Much as I wanted to support Celia’s effort, I had to admit that I knew almost nothing about Camp Grohn. Or any of the hundreds of other DP camps set up in sectors of Germany, Austria and Italy controlled by the United States, Britain or France—three of the victorious Allied Powers—in the aftermath of World War II. And that I might even be the only one alive that I know from my native Latvia who could make such a claim. You see, my father, mother and maternal grandmother—together with one-month-old me—at some point separated from the masses fleeing the advancing Soviet Army and simply kept going. Once we reached the Austria-Swiss border, we rented a root cellar from a farmer and spent four or so years living amid the breathtaking beauty of the Alps. My mother found a good job, so we lived well compared to those warehoused in the camps. And avoided the constant fear of forced repatriation to our then Soviet-occupied homeland. Why more did not dare to go it alone I never understood.

Eventually, we had to reside in a DP camp, but only in order to emigrate. We first went to one nearby in Alberschwende. It was in the French Zone, and my mother, who had long been a francophile, was able to persuade the commander to let her leave each day to go to work. From Alberschwende, we transferred to the International Staging Area at Camp Grohn in Bremen, Germany. It was there, I believe, that we received permission to permanently resettle in Lowell, Michigan, not São Paulo, Brazil, as previously planned.

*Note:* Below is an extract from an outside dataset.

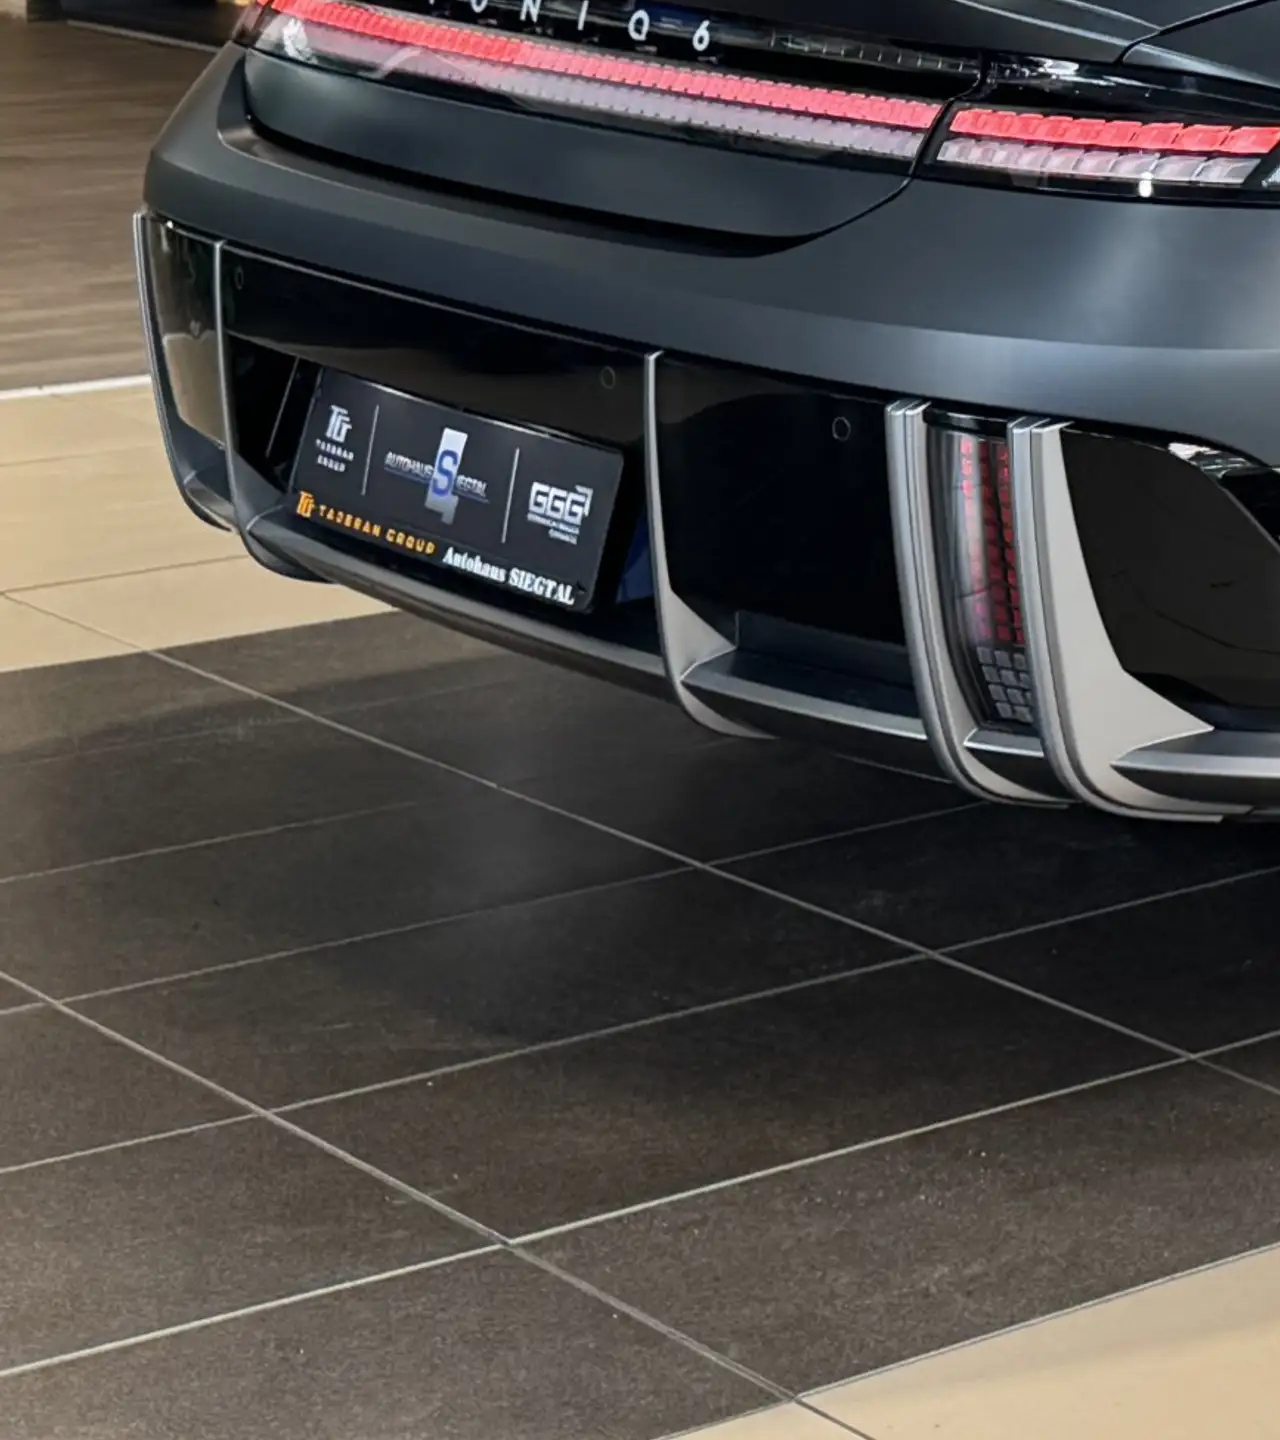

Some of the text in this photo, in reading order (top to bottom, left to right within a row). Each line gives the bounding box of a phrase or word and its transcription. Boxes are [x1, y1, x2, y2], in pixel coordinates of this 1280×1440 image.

[692, 19, 711, 52] 6
[442, 547, 575, 605] Autohaus SIEGTAL
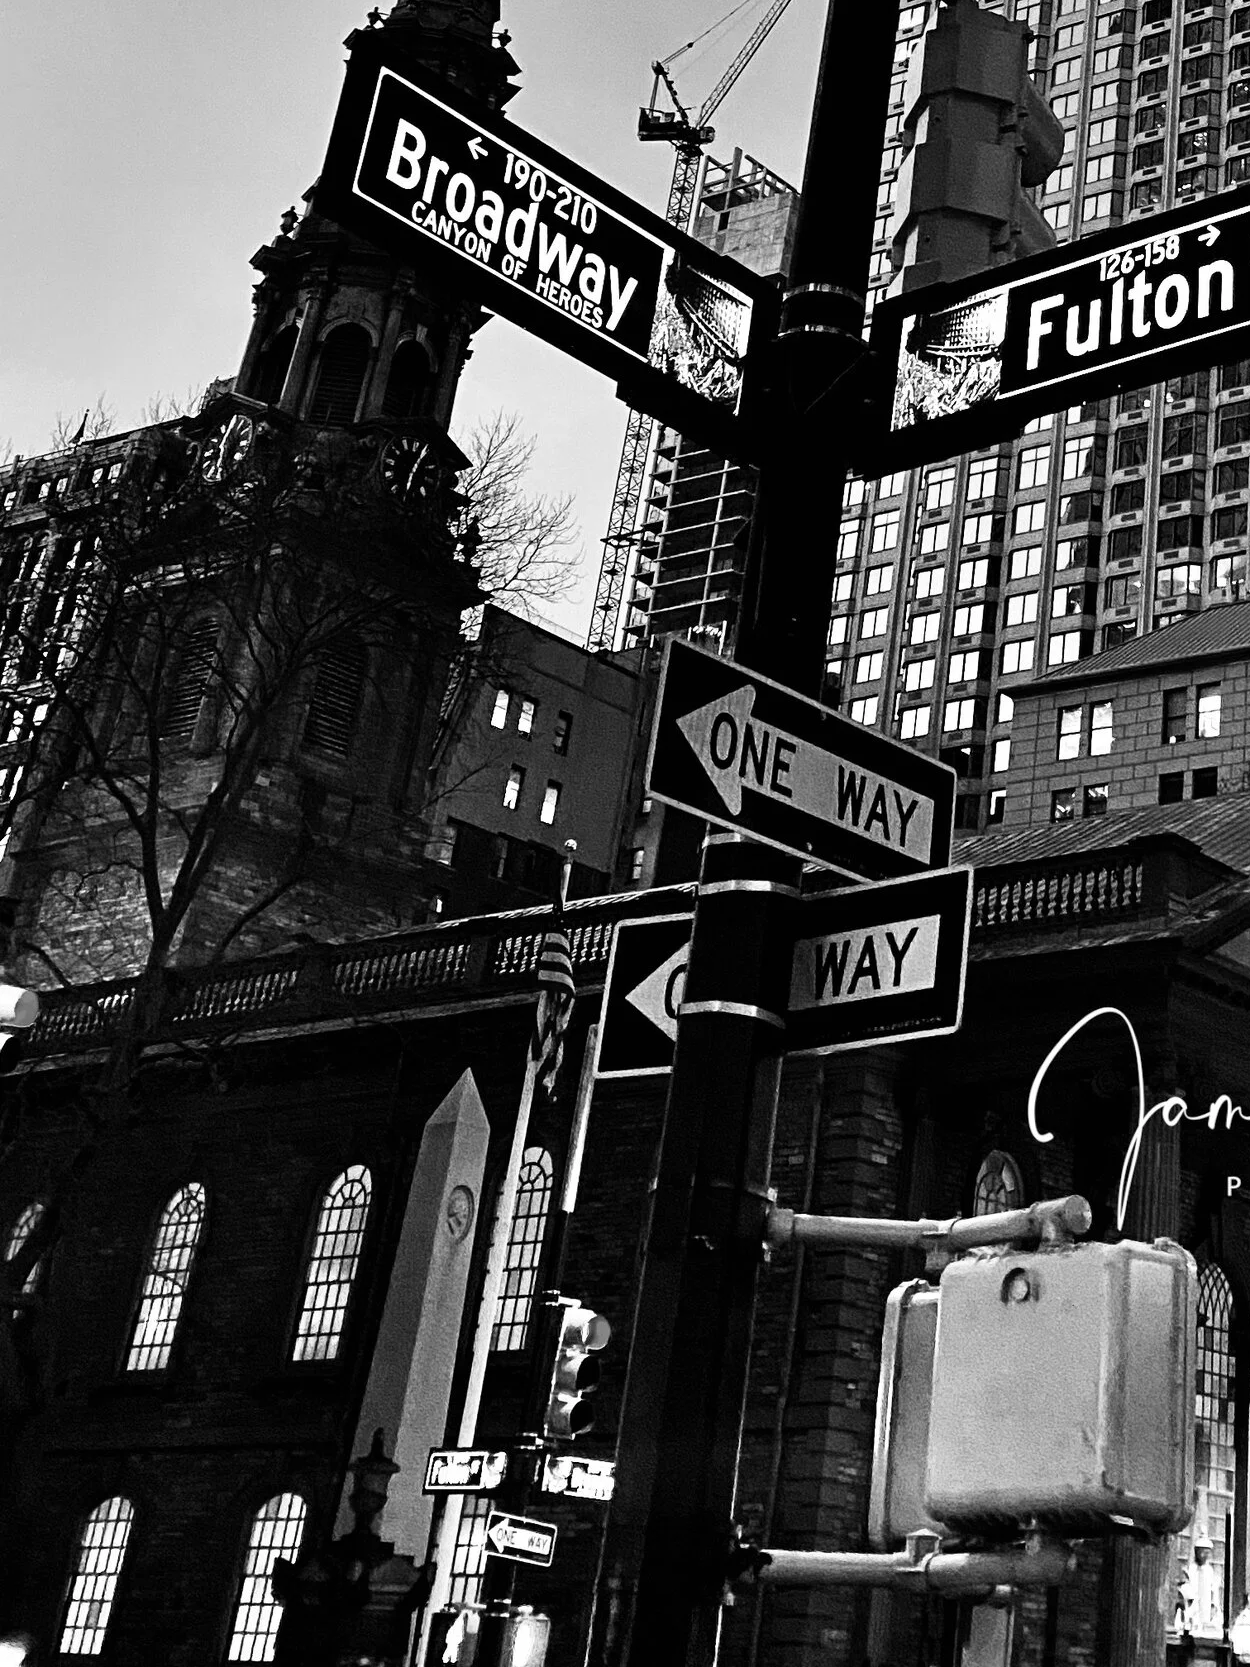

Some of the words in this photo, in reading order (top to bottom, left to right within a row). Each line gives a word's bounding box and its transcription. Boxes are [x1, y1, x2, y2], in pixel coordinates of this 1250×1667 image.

Which was monumental for my family, but not, apparently, for me. The way I describe it in “Welcome to America,” all I did was rail at arbitrary rules:

As indignities go, it ranked relatively low. After all, I had been subjected to senseless fumigation. An insult to any little girl whose grandmother has taught her to wash her hands after everything and to always carry a clean handkerchief. But, somehow, making me look like a monkey in my first official photograph crossed the line. Some self-important functionary had said that my ears, which stuck out, had to be clearly visible on my passport photo or I could not emigrate to the United States. So my mother braided my hair and attached it to the top of my head, and I let everyone know precisely how I felt about that.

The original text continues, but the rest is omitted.